J Genomics 2017; 5:54-57. doi:10.7150/jgen.19504 This volume Cite
Research Paper
1. Deakin University, Bioinformatics Core Research Group, 75 Pigdons Road, Locked Bag 20000, Geelong, VIC 3220, Australia;
2. Evolution and Ecology Research Centre, School of Biological, Earth and Environmental Sciences, University of New South Wales, Sydney, New South Wales, Australia;
3. Deakin University, School of Life and Environmental Sciences, Centre for Integrative Ecology, 75 Pigdons Road, Locked Bag 20000, Geelong, VIC 3220, Australia;
4. Cetacean Research Unit, Murdoch University, South Road, Murdoch, Western Australia 6150, Australia.

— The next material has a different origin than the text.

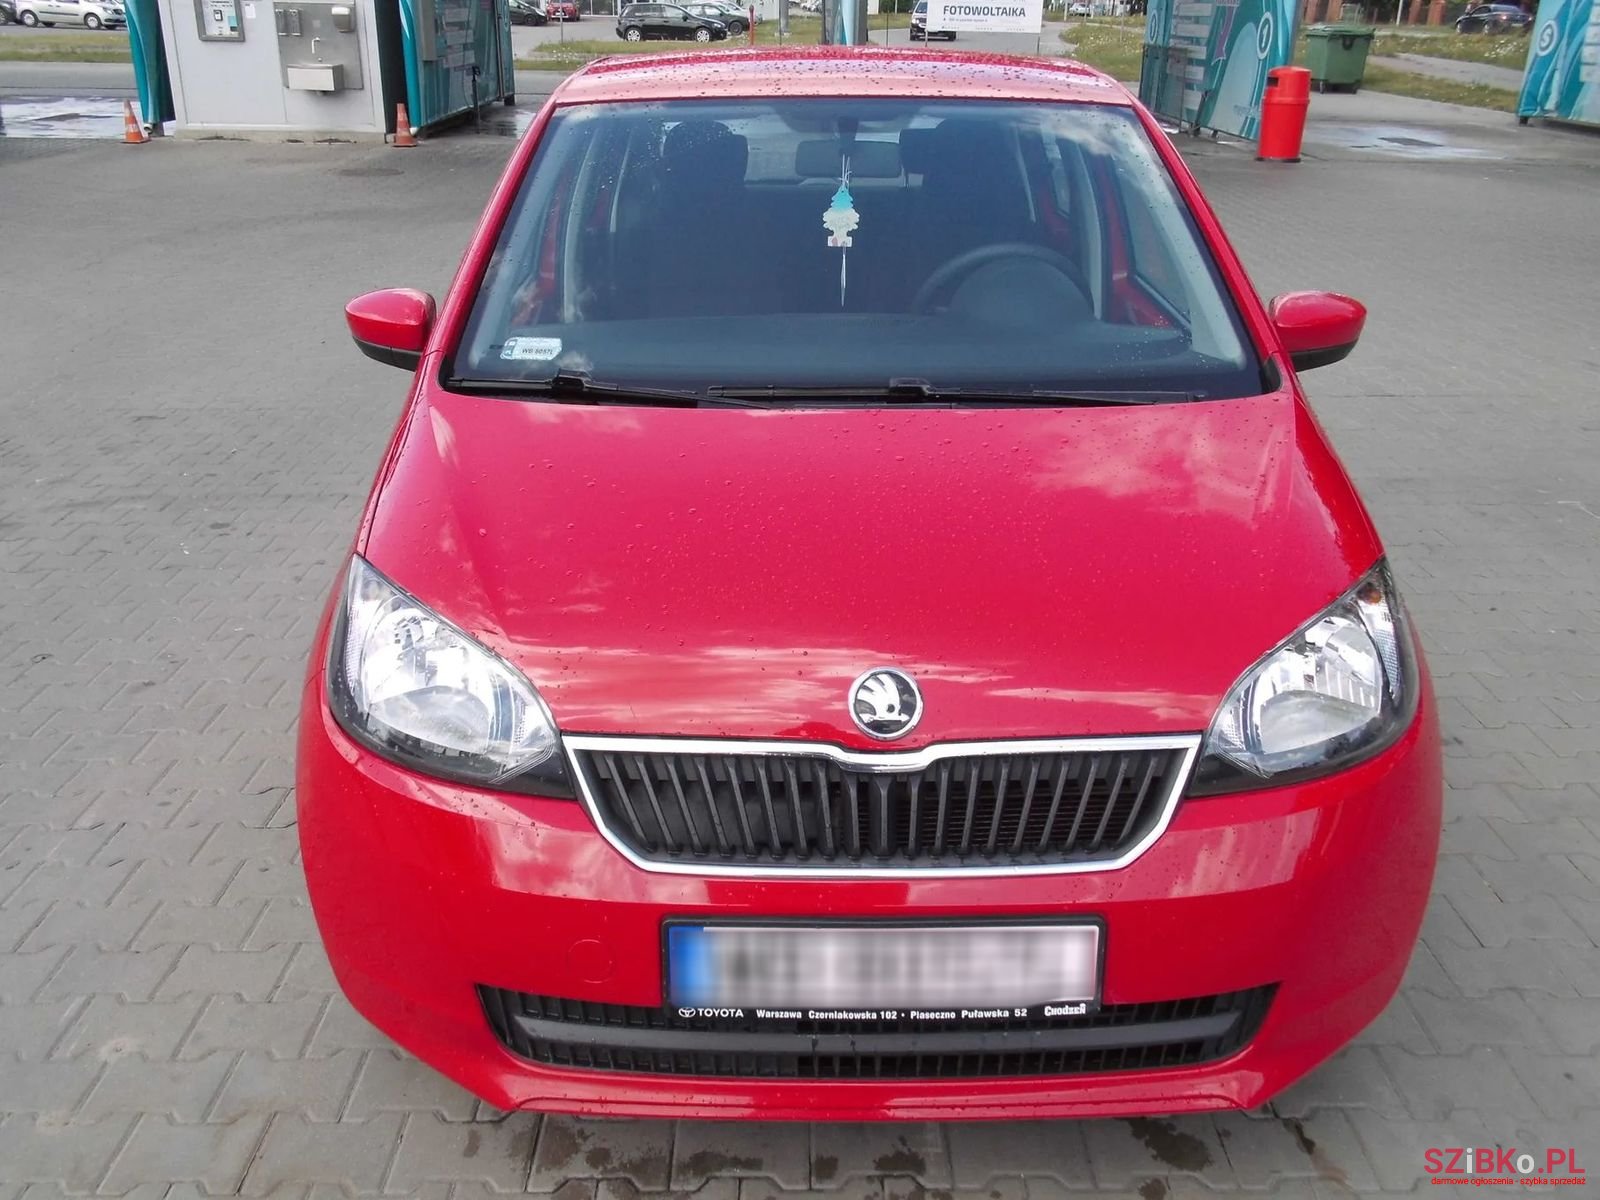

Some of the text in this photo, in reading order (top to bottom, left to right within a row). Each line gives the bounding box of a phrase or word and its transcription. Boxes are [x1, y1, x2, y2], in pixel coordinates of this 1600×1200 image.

The European starling, Sturnus vulgaris, is a prolific and worldwide invasive species that also has served as an important model for avian ecological and invasion research. Although the genome sequence recently has become available, no transcriptome data have been published for this species. Here, we have sequenced and assembled the S. vulgaris liver transcriptome, which will provide a foundational resource for further annotation and validation of the draft genome. Moreover, it will be important for ecological and evolutionary studies investigating the genetic factors underlying rapid evolution and invasion success in this global invader.

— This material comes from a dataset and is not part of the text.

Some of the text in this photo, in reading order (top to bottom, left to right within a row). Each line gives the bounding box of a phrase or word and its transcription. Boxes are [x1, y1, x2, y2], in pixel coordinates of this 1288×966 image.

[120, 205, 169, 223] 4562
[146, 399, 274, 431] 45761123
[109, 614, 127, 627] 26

Keywords: Sturnus vulgaris, European starling, de novo transcriptome assembly, invasive species, RNA-seq.
The European starling is one of the best-studied avian species, yet no genomic resources existed prior to the recent draft genome (December 2015) and no transcriptome data sets are currently available. Starlings are also an important species in invasion genetics research, due to their global introduction history [1], their invasion success and their known patterns of morphological and genetic variation across introduced ranges [2-4], making them ideal for studies of rapid evolution replicated across invasions. However, these studies require improved genetic resources.

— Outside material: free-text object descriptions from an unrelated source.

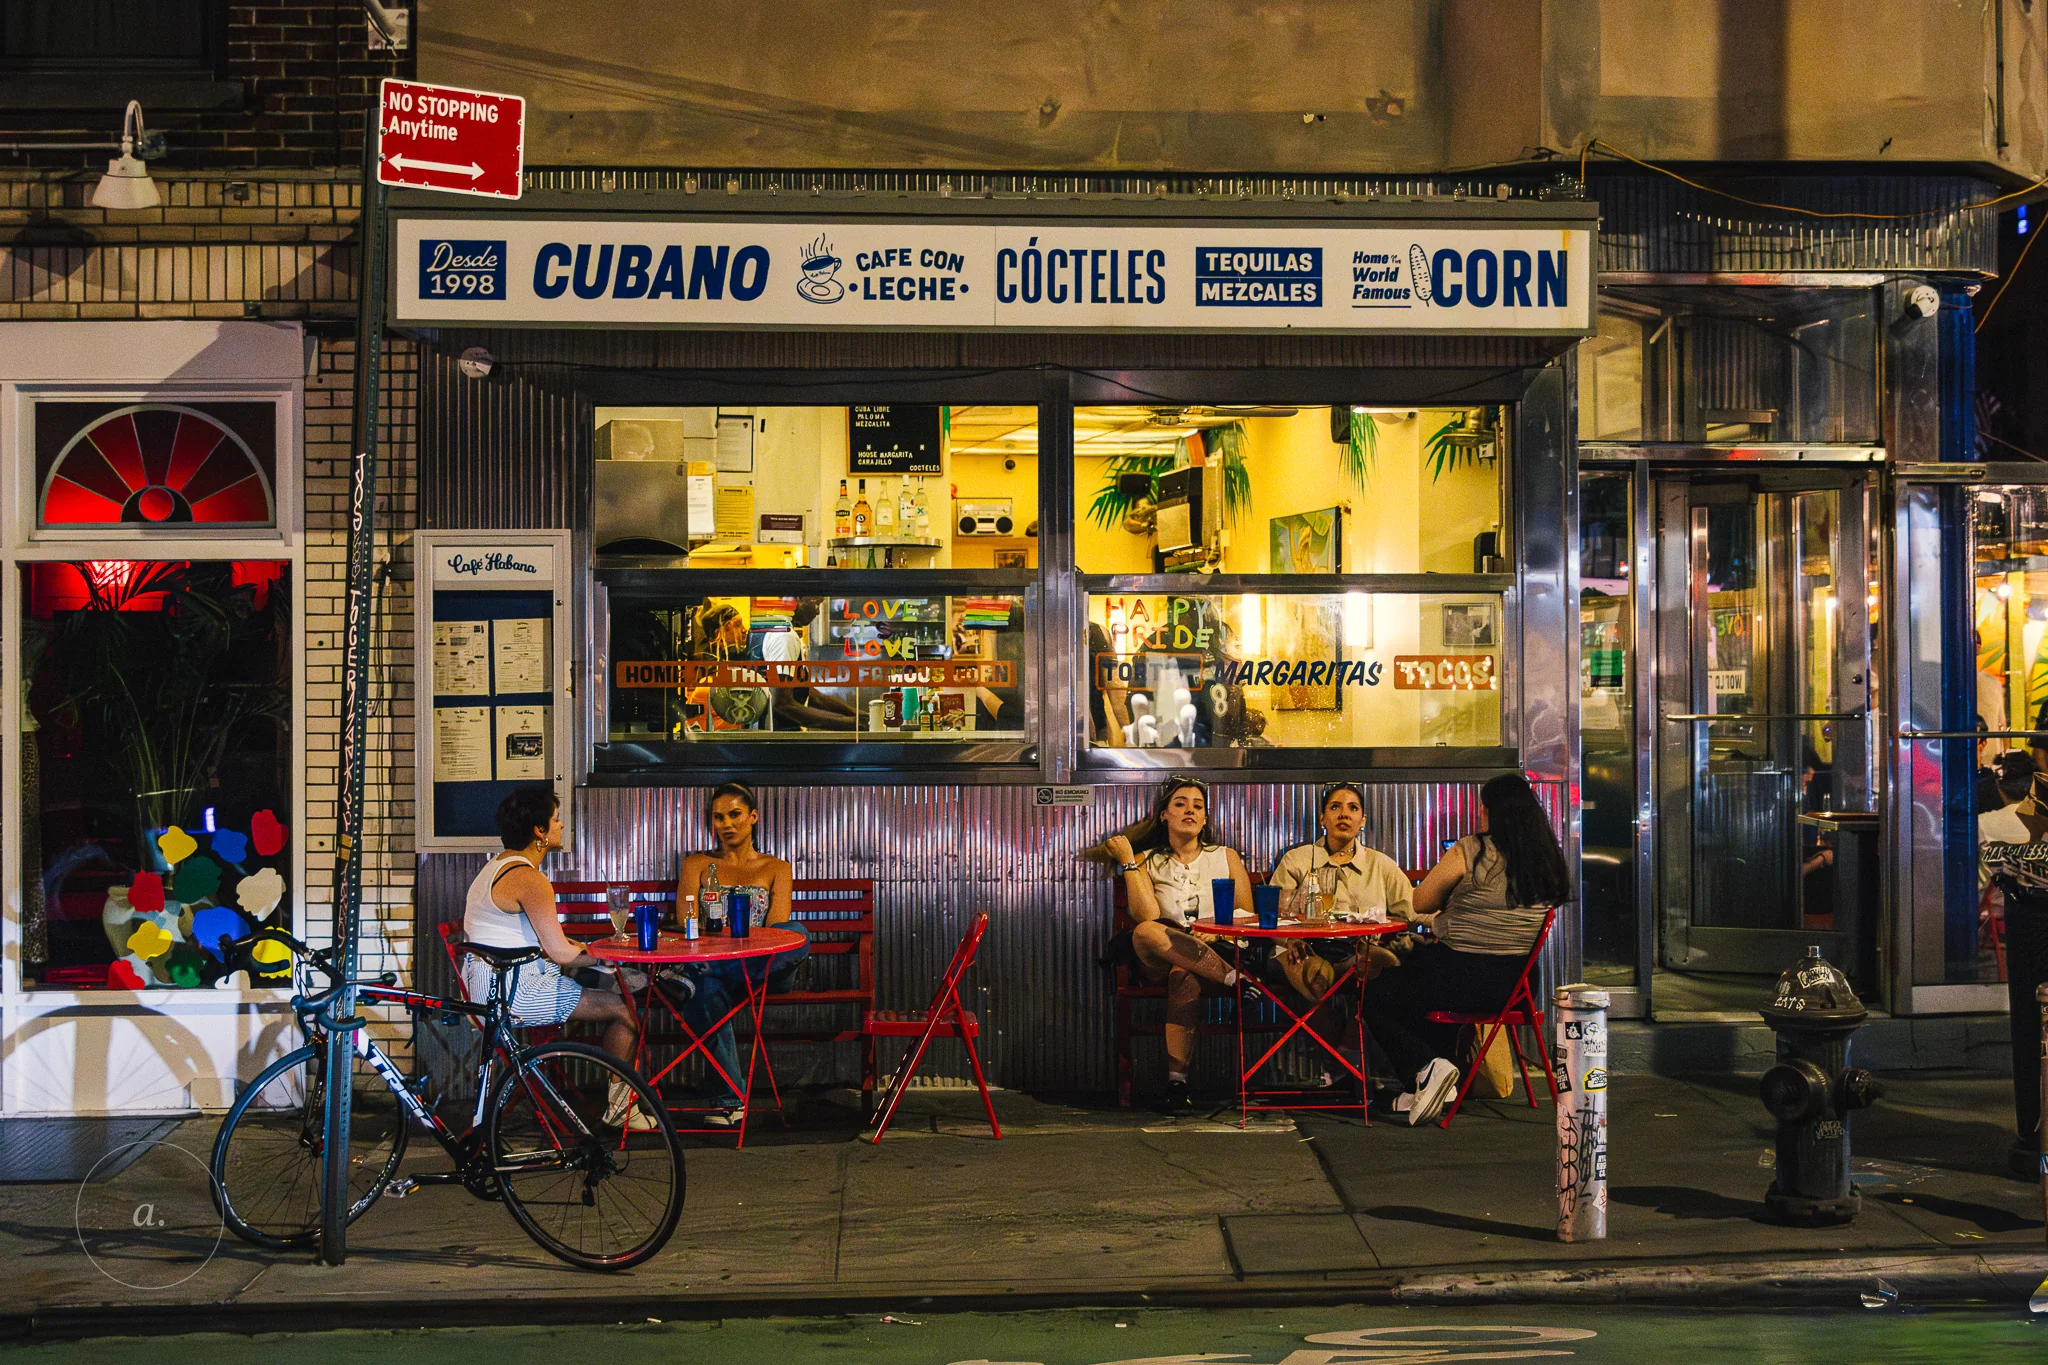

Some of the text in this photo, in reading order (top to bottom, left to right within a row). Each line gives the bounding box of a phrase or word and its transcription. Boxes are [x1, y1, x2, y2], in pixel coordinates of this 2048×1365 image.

[389, 91, 498, 123] NO STOPPING
[389, 116, 458, 142] Anytime
[426, 241, 498, 272] Desde
[855, 248, 965, 273] CAFE CON
[1206, 252, 1313, 276] TEQUILAS
[1352, 251, 1389, 264] Home
[532, 242, 770, 301] CUBANO
[996, 236, 1166, 305] CÓCTELES
[1352, 267, 1400, 282] World
[1431, 249, 1568, 308] CORN
[431, 274, 494, 295] 1998
[863, 277, 956, 301] LECHE
[1201, 282, 1317, 301] MEZCALES
[1352, 284, 1411, 299] Famous
[448, 553, 537, 575] Café Habana
[843, 599, 921, 621] LOVE
[1106, 597, 1210, 629] HAPPY
[1111, 622, 1214, 649] PRIDE
[843, 637, 917, 659] LOVE
[626, 665, 1008, 683] HOME OF THE WORLD FAMOUS CORN
[1214, 660, 1382, 687] MARGARITAS
[1402, 661, 1492, 685] TACOS
[1210, 683, 1228, 717] 8
[366, 1042, 436, 1130] TREK

Here we characterise the first starling transcriptome data set, produced using liver tissue from individuals sourced from the range edge in Western Australia and carrying genetic variants previously shown to be under selection [4]. Two juvenile male starlings (S274, S290) were collected from Western Australia (S274: S 33.81542, E 120.95964; S290: S 33.79625, E 120.90078). Total RNA was extracted and mRNA libraries prepared following [5]. Libraries were barcoded and run together on one lane of HiSeq 2500 (Illumina Inc, San Diego, USA), generating ~230 million 2 x 125 bp paired-end reads.
Raw reads were pooled and processed using Trimmomatic v0.33 [6] using the following parameters, ILLUMINACLIP:TruSeq3-PE.fa:2:30:10:4 HEADCROP:13 AVGQUAL:30 MINLEN:36, reducing the dataset to ~36 million paired reads and ~9 million 'orphaned' reads (Table 1). We used both the filtered paired-end and 'orphan' reads in the subsequent de novo assembly with Trinity v2.1.1 [7] (using default settings and retaining only those contigs > 300bp) producing 59,557 transcripts, encompassing 48,279 unigenes. After assembly, filtered paired-end reads were mapped to the assembled transcripts with Bowtie2 v2.2.4 [8] (82% of reads map back to the de novo assembly; 69 % are properly paired), gene expression was estimated using RSEM v1 2.14 [9] (mean transcript expression of 10.7 FPKM) and open reading frames (ORFs) were predicted for all assembled transcripts using Transdecoder (https://github.com/TransDecoder/TransDecoder).
Transcriptome assembly and annotation statistics compared to other passerine transcriptomes.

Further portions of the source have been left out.